I had heard it declared, too, with mysterious smiles, how le pied de la Princesse had been seen more than once at the masked balls at the Opera, and many an amusing little story had gone the round, and many a piquant tale had been told of how the Princess had been recognised here and there by the extreme smallness of her foot. One was that for a wager she had disguised herself as a work-girl with a bandbox on her arm, and, attended by her valet, likewise disguised, appeared before the Hôtel de Ville awaiting an omnibus. The vehicle stopped, and the conductor exclaimed in an indifferent tone, “Entrez, mademoiselle,” without taking any further notice. Then, however, his wandering eye caught sight of a pair of tiny feet, and, looking into her face in surprise, he enthusiastically exclaimed: “Ah! ah! le pied de la Princesse!” and doffed his hat respectfully. The Princess lost her wager, but was in no little measure proud of the conquest which her foot had won over the plain omnibus-conductor.

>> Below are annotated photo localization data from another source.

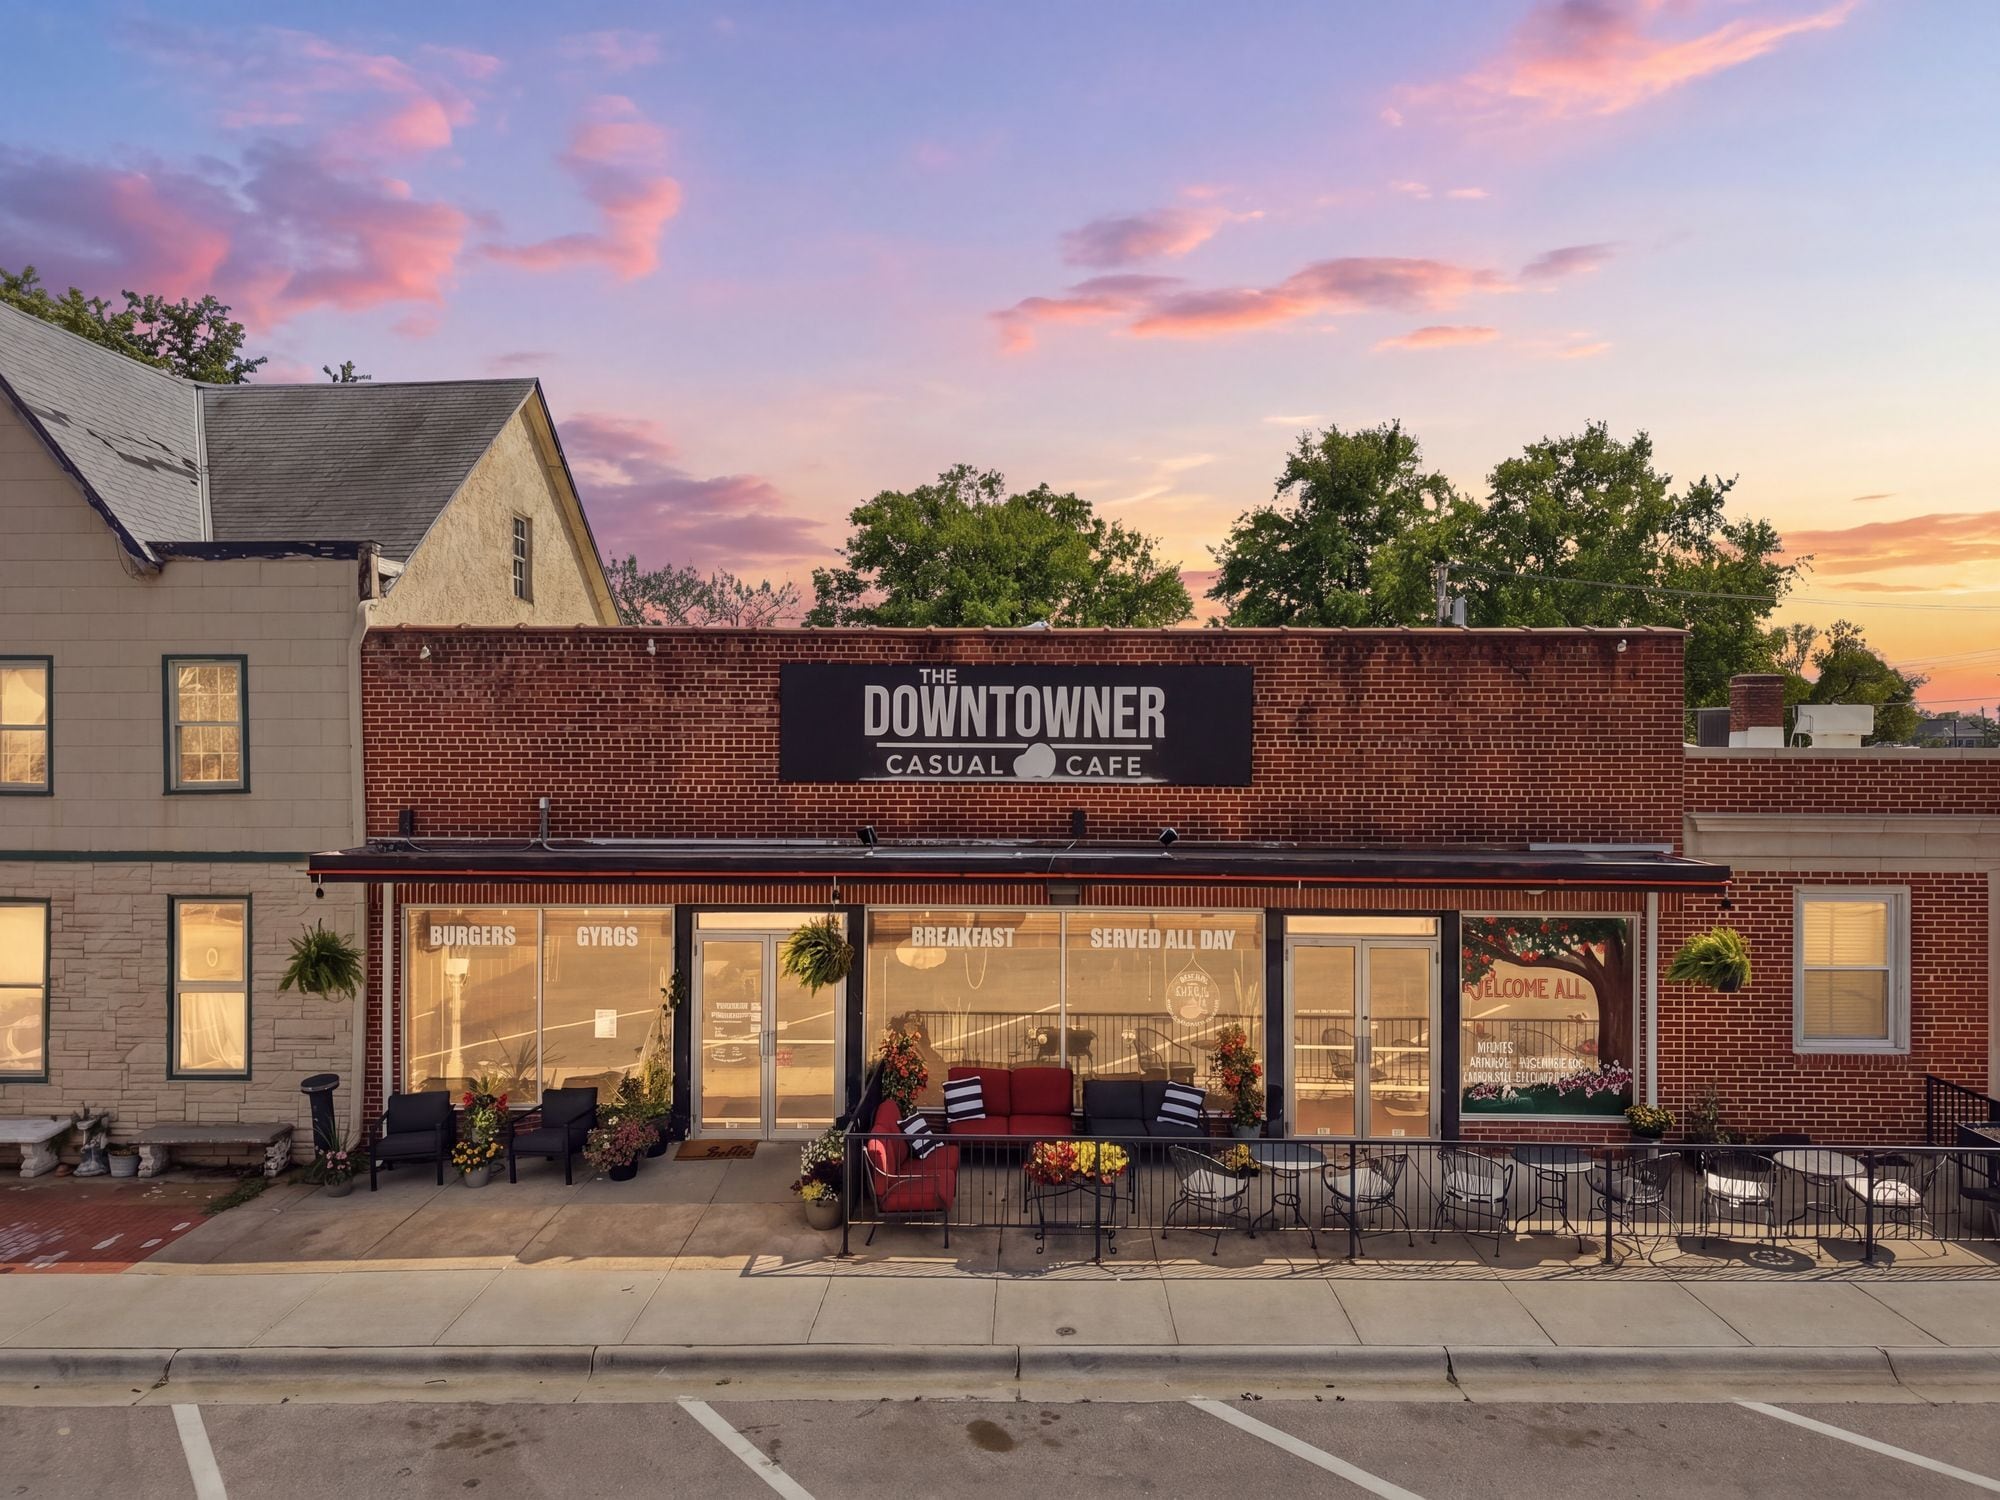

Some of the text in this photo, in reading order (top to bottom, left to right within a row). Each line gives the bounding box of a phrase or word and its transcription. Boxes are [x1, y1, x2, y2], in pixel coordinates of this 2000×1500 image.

[919, 668, 957, 685] THE
[863, 685, 1166, 739] DOWNTOWNER
[886, 754, 1142, 777] CASUAL CAFE
[430, 925, 517, 947] BURGERS
[911, 926, 1016, 948] BREAKFAST
[1090, 927, 1236, 951] SERVED ALL DAY
[1554, 978, 1587, 1000] ALL

Her life had been a somewhat tragic one. The only daughter of Prince Kinsky von Wchinitz und Tettau, the Seigneur of Wchinitz, in Bohemia, Léonie had, when scarcely out of her teens, been forced to marry the old Prince Othon von Leutenberg, a man forty years her senior. The marriage proved an exceedingly unhappy one, for he treated her brutally, and after five years of a wretched existence, during which she bore herself with great patience and forbearance, the Prince died of alcoholism in Berlin, and her release brought her into possession of an enormous fortune, together with the mansion of the Leutenbergs in the Frieung at Vienna, one of the finest in the Austrian capital, the castle and extensive estates in Schwazbourg-Rudolstadt, that had belonged to the family from feudal days, as well as the hôtel in the Avenue du Bois de Boulogne, and the beautiful Château de Chantoiseau, deep in the forest of Fontainebleau.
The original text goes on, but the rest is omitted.